Endangered species laws vary from state to state, and Rhode Island laws lack some protections that have been codified by its New England neighbors.

“The regulatory frameworks that currently exist for protecting wildlife in Rhode Island are inadequate,” according to the state’s Community Wildlife Conservation Guide.

Despite the differences in the laws and lack of protection, there are still ways the Rhode Island Department of Environmental Management (DEM) tries to fill in the gaps at the local level, and some federal funding could be on the horizon to increase what can be done.

Identifying and protecting rare species
Before rare species can be protected, the state must decide which species are of greatest concern and find where they are living.

The Rhode Island Natural History Survey (RINHS) is a nonprofit that tracks rare species in the state in collaboration with DEM and helps to create the official Natural Heritage lists, for both plants and animals, which are protected under state endangered species law.

DEM used to have its own in-house Natural Heritage Program, but RINHS took it over in 2007 when DEM’s program staff retired and weren’t replaced.

David Gregg, executive director of RINHS, said the information the staff is gathering includes where a species was found (latitude, longitude, and municipality), who found it, and what conditions it was in (sick or healthy). That information then goes into a spreadsheet database.

“That’s bare minimum,” Gregg said. “An Excel sheet is not a good way to operate a database of anything.”

With more funding, possibly from the Recovering America’s Wildlife Act of 2021, RINHS and DEM could keep more data and create better internal and external systems for displaying and searching that data, he said.

RINHS is already working on creating an internal “relational database where you can ask complicated queries and you can limit things by date or by latitude, longitude, you can do all kinds of things,” said Gregg, regardless if funding through DEM comes through.

Amanda Freitas, DEM’s Rhode Island Wildlife Action Plan community liaison whose work is a collaborative project between the department and RINHS, said if further funding comes in, she would also like to update the rare species lists. The last time the plant list was updated was 2015; the animal list hasn’t been updated since 2006.
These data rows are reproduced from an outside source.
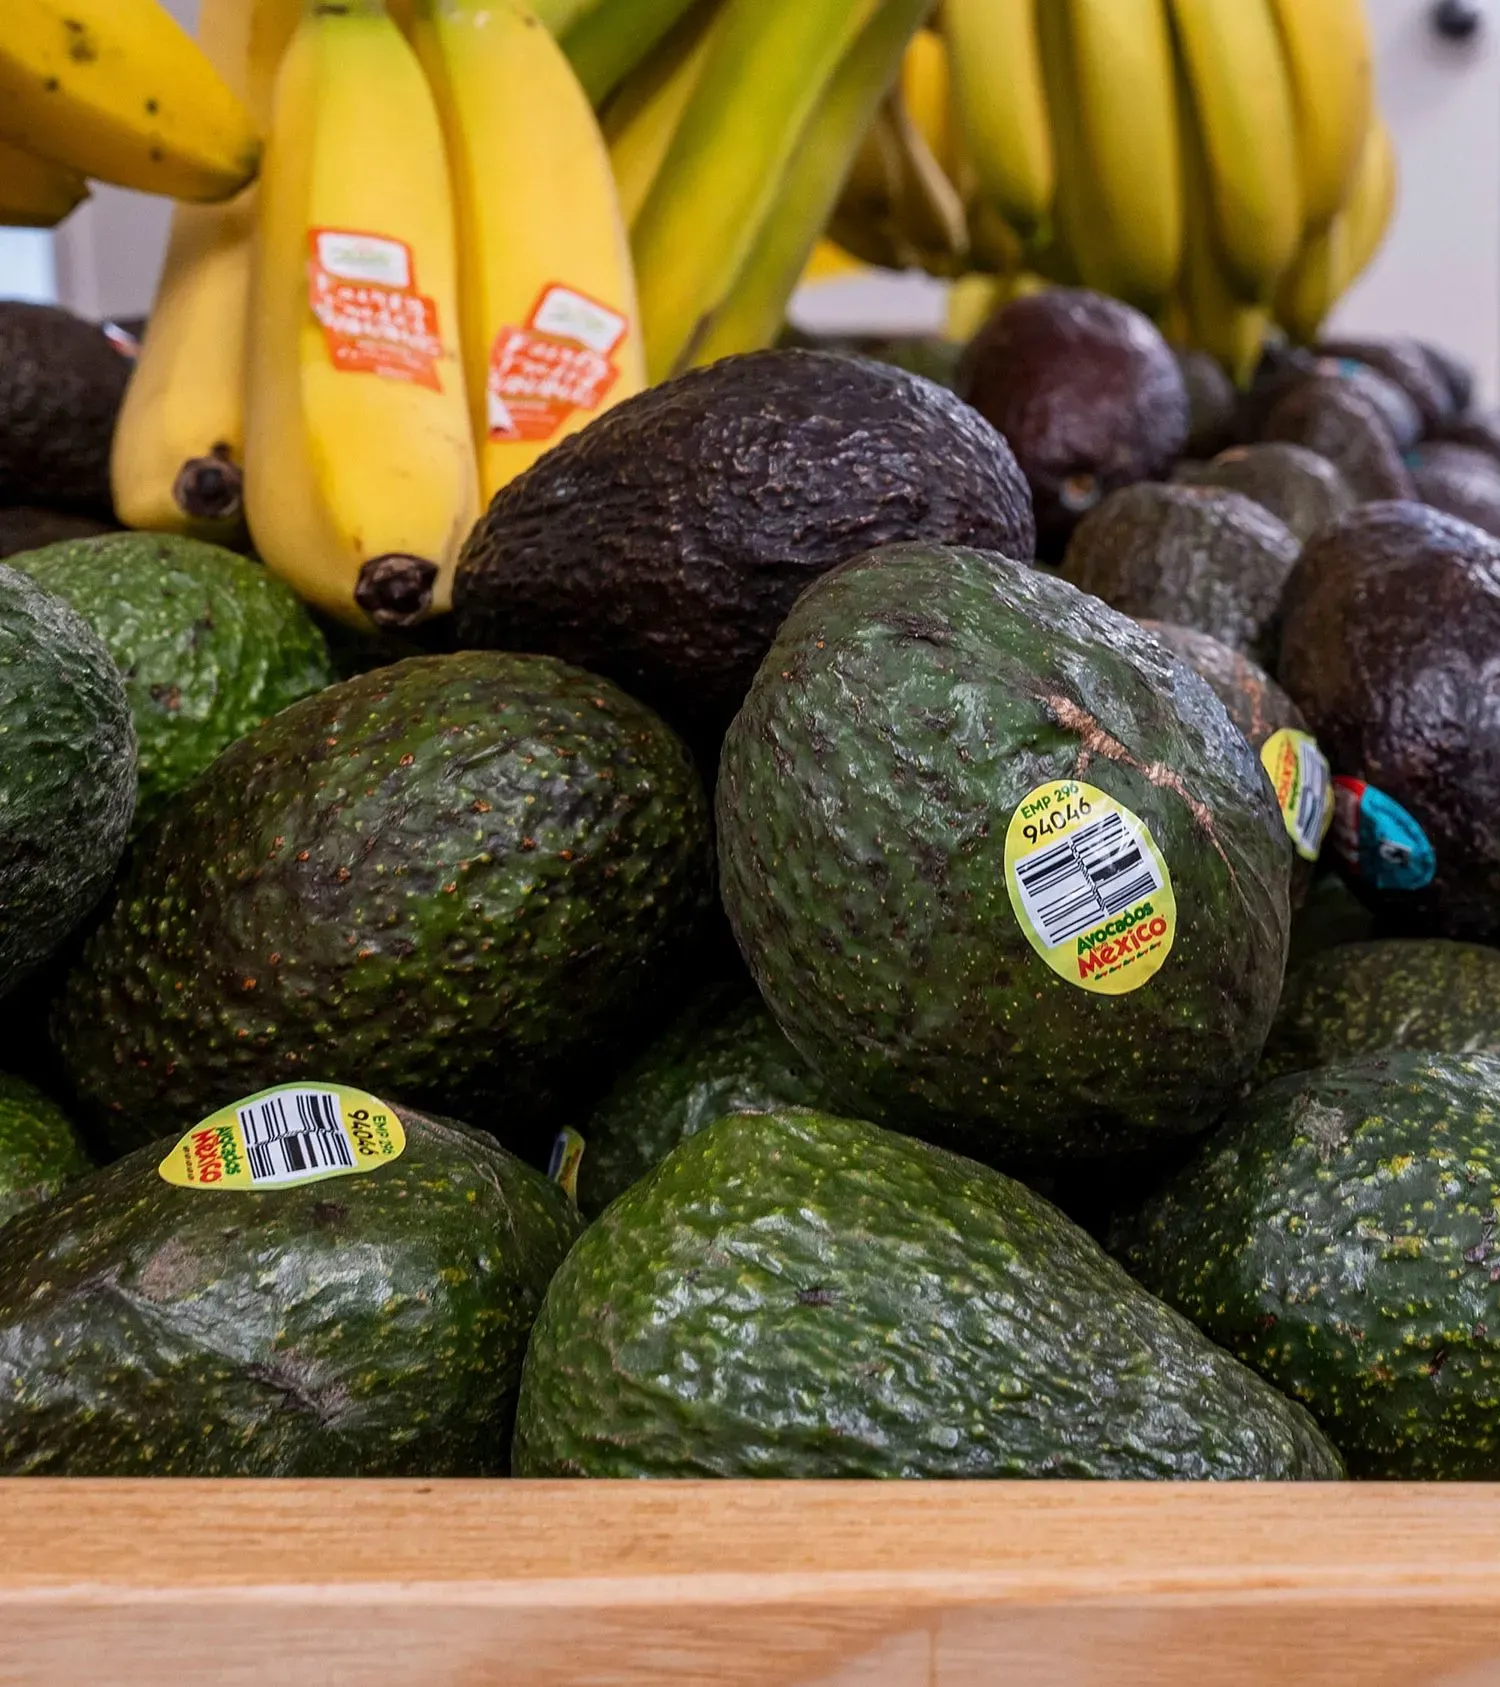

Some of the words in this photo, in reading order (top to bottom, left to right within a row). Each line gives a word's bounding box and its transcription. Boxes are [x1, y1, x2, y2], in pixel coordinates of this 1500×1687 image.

[1020, 796, 1052, 820] EMP
[1053, 783, 1080, 803] 296
[1022, 796, 1093, 845] 94046
[1076, 902, 1155, 956] Avocados
[1077, 917, 1168, 980] Mexico
[215, 1125, 244, 1176] Avocados
[347, 1109, 379, 1157] 94046
[372, 1115, 390, 1139] EMP
In addition to the list of species, there is also a map of National Heritage Areas, which is available on the Rhode Island Geographic Information System. This map does not show which rare species are in a particular area, it only alerts someone to the general presence of an animal that is considered rare, to protect highly valuable rare species from poachers and collectors.
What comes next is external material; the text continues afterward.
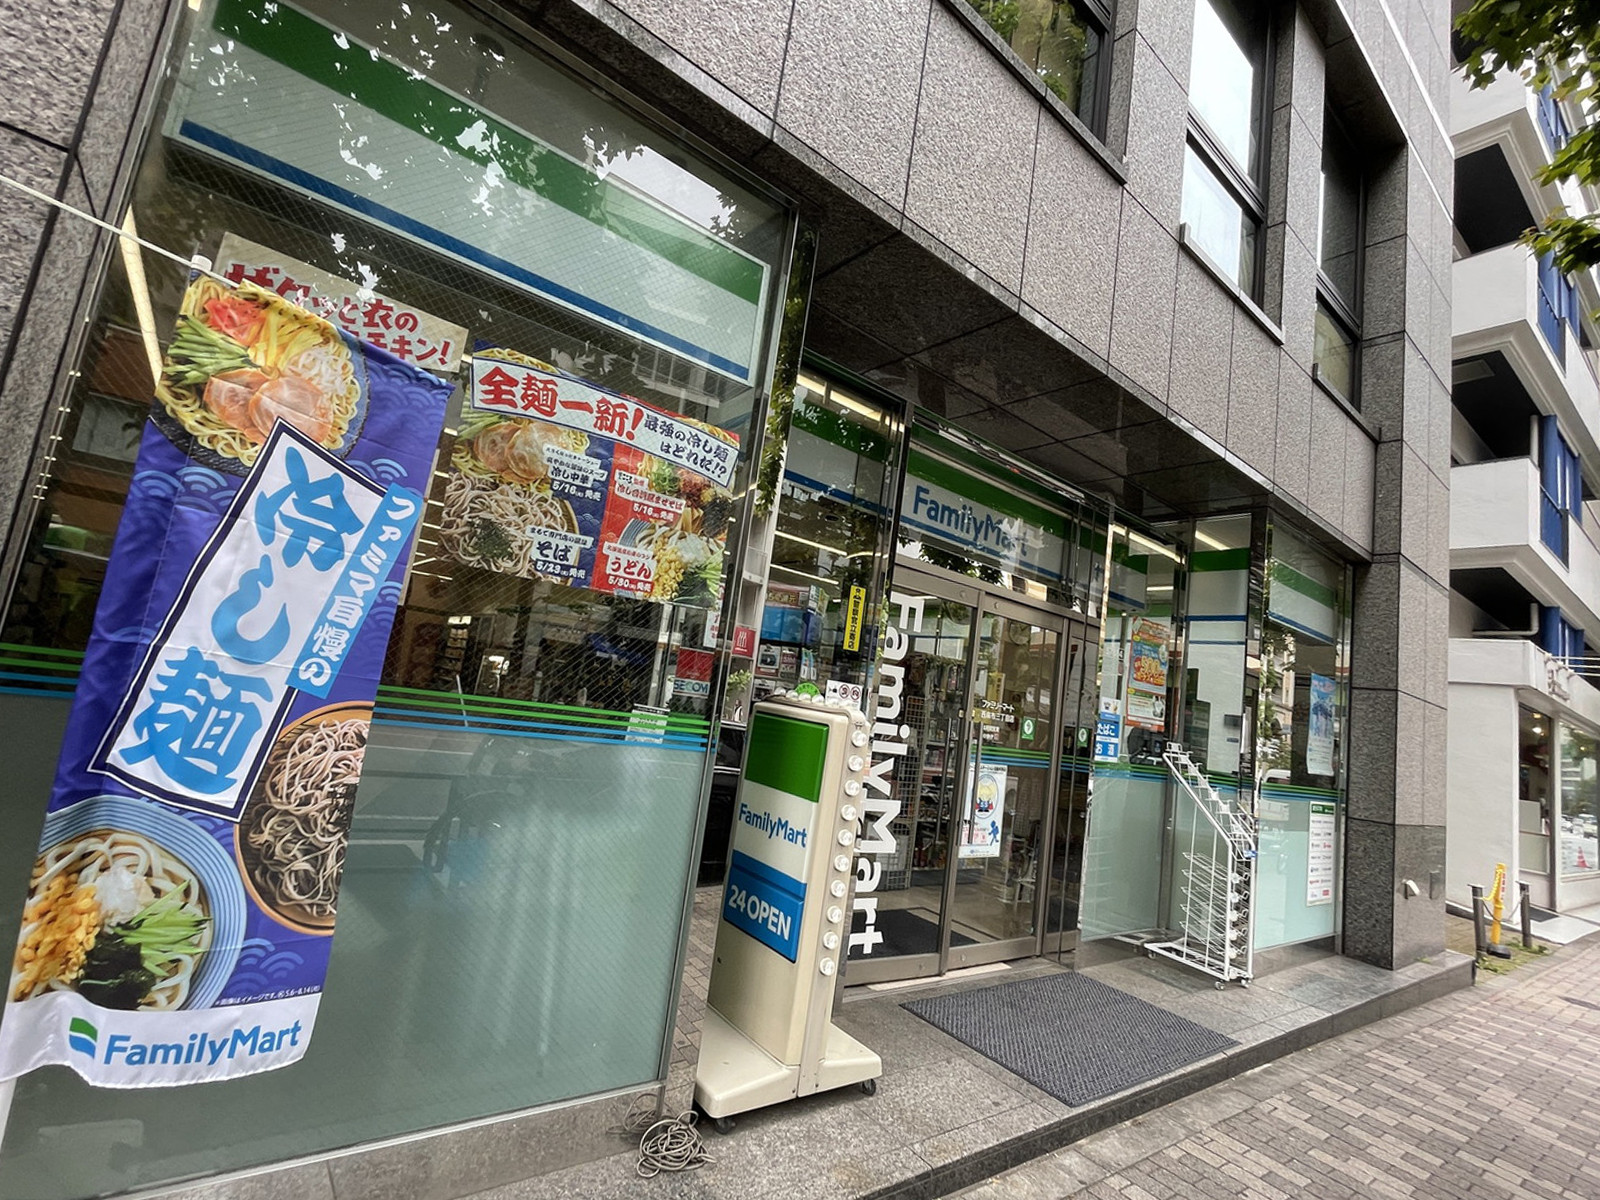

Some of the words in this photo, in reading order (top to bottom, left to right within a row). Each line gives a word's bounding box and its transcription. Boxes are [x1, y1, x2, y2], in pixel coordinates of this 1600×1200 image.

When a conservation group or another nonprofit needs information about rare species and where they are, they can call RINHS to get that information.

Any individual or business who needs information about rare species locations for regulatory, commercial, or permitting purposes must contact DEM. Typically it is a geographic information system (GIS) specialist who handles those requests, and it does not usually come with a “biological opinion” or advice on how to conserve or minimize harm to the state-listed wildlife that may be present near the project.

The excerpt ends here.